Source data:
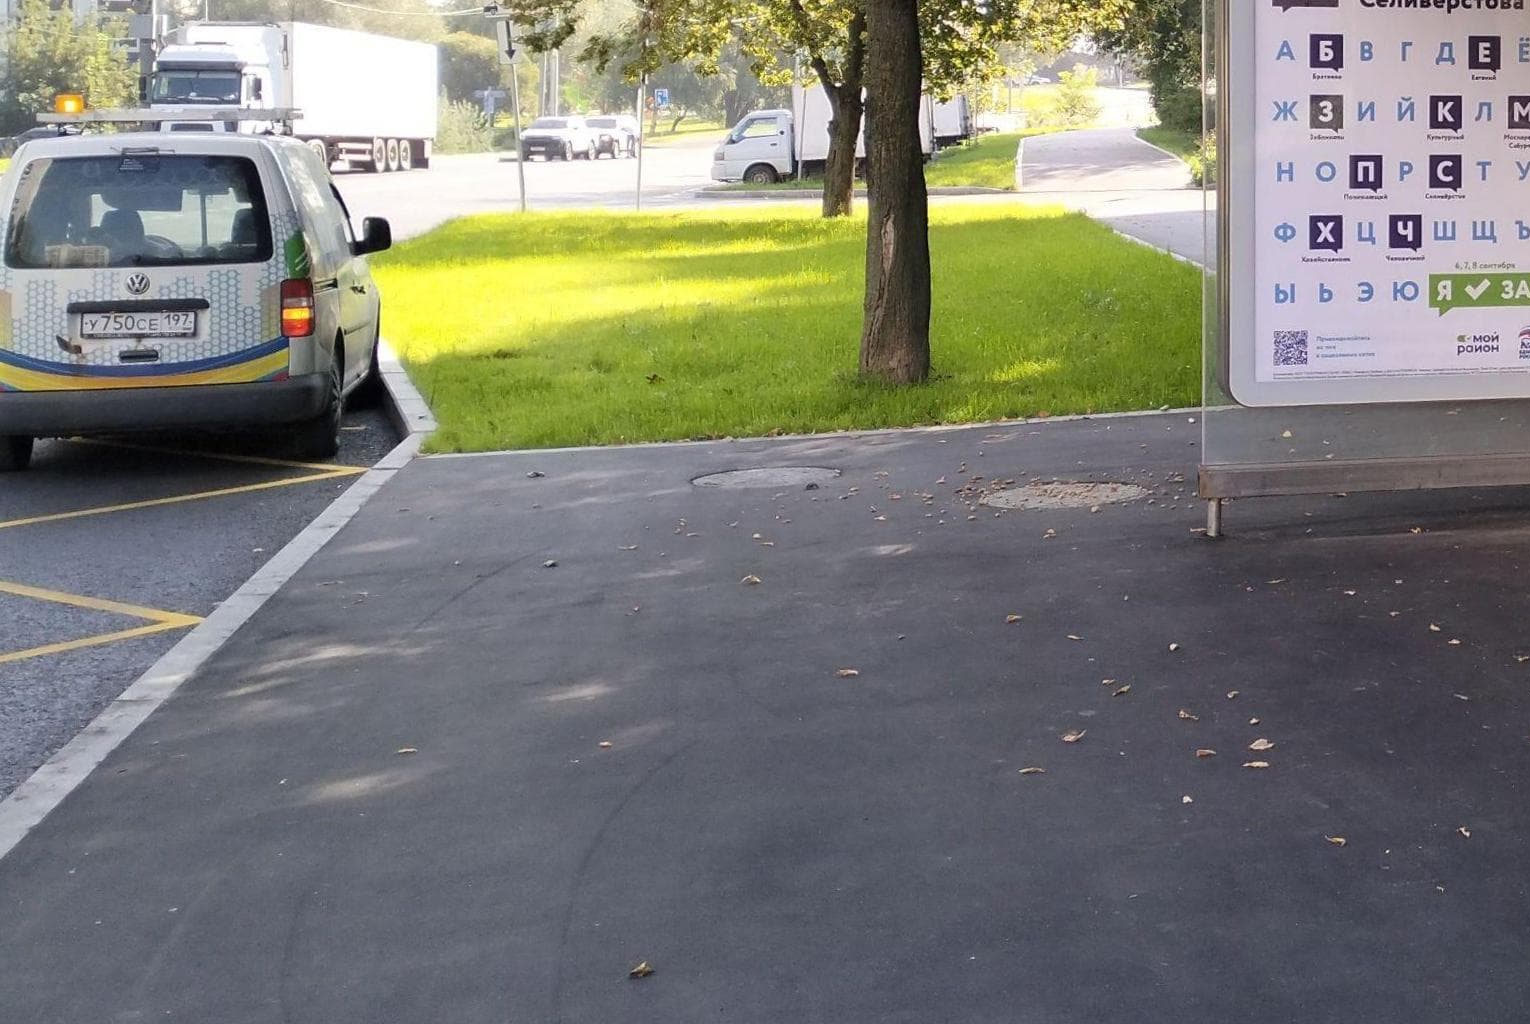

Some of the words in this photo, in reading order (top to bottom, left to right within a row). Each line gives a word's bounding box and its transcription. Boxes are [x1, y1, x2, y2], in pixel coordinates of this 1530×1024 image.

[1276, 40, 1295, 60] А
[1319, 40, 1334, 62] Б
[1360, 41, 1373, 61] В
[1401, 42, 1412, 61] Г
[1435, 42, 1455, 65] Д
[1478, 42, 1491, 63] Е
[1519, 37, 1530, 62] Ё
[1273, 101, 1298, 121] Ж
[1318, 101, 1334, 122] З
[1358, 101, 1375, 121] И
[1397, 97, 1415, 121] Й
[1437, 102, 1455, 122] К
[1475, 102, 1492, 121] Л
[1276, 162, 1294, 182] Н
[1315, 161, 1336, 182] О
[1357, 161, 1375, 182] П
[1400, 161, 1413, 181] Р
[1436, 161, 1453, 182] С
[1476, 161, 1491, 181] Т
[1274, 222, 1296, 243] Ф
[1316, 222, 1336, 243] Х
[1357, 222, 1376, 245] Ц
[1397, 221, 1413, 242] Ч
[1433, 221, 1456, 241] Ш
[1472, 220, 1497, 243] Щ
[1515, 220, 1530, 240] Ъ
[1275, 282, 1295, 304] Ы
[1319, 282, 1333, 303] Ь
[1357, 282, 1374, 302] Э
[1393, 281, 1419, 301] Ю
[1436, 280, 1451, 301] Я
[164, 314, 189, 326] 197
[1473, 332, 1499, 343] мой

== Work instructions ==
Copy the lines above exactly. Do not include pictures.

== Expected answer ==
Some of the words in this photo, in reading order (top to bottom, left to right within a row). Each line gives a word's bounding box and its transcription. Boxes are [x1, y1, x2, y2], in pixel coordinates of this 1530×1024 image.

[1276, 40, 1295, 60] А
[1319, 40, 1334, 62] Б
[1360, 41, 1373, 61] В
[1401, 42, 1412, 61] Г
[1435, 42, 1455, 65] Д
[1478, 42, 1491, 63] Е
[1519, 37, 1530, 62] Ё
[1273, 101, 1298, 121] Ж
[1318, 101, 1334, 122] З
[1358, 101, 1375, 121] И
[1397, 97, 1415, 121] Й
[1437, 102, 1455, 122] К
[1475, 102, 1492, 121] Л
[1276, 162, 1294, 182] Н
[1315, 161, 1336, 182] О
[1357, 161, 1375, 182] П
[1400, 161, 1413, 181] Р
[1436, 161, 1453, 182] С
[1476, 161, 1491, 181] Т
[1274, 222, 1296, 243] Ф
[1316, 222, 1336, 243] Х
[1357, 222, 1376, 245] Ц
[1397, 221, 1413, 242] Ч
[1433, 221, 1456, 241] Ш
[1472, 220, 1497, 243] Щ
[1515, 220, 1530, 240] Ъ
[1275, 282, 1295, 304] Ы
[1319, 282, 1333, 303] Ь
[1357, 282, 1374, 302] Э
[1393, 281, 1419, 301] Ю
[1436, 280, 1451, 301] Я
[164, 314, 189, 326] 197
[1473, 332, 1499, 343] мой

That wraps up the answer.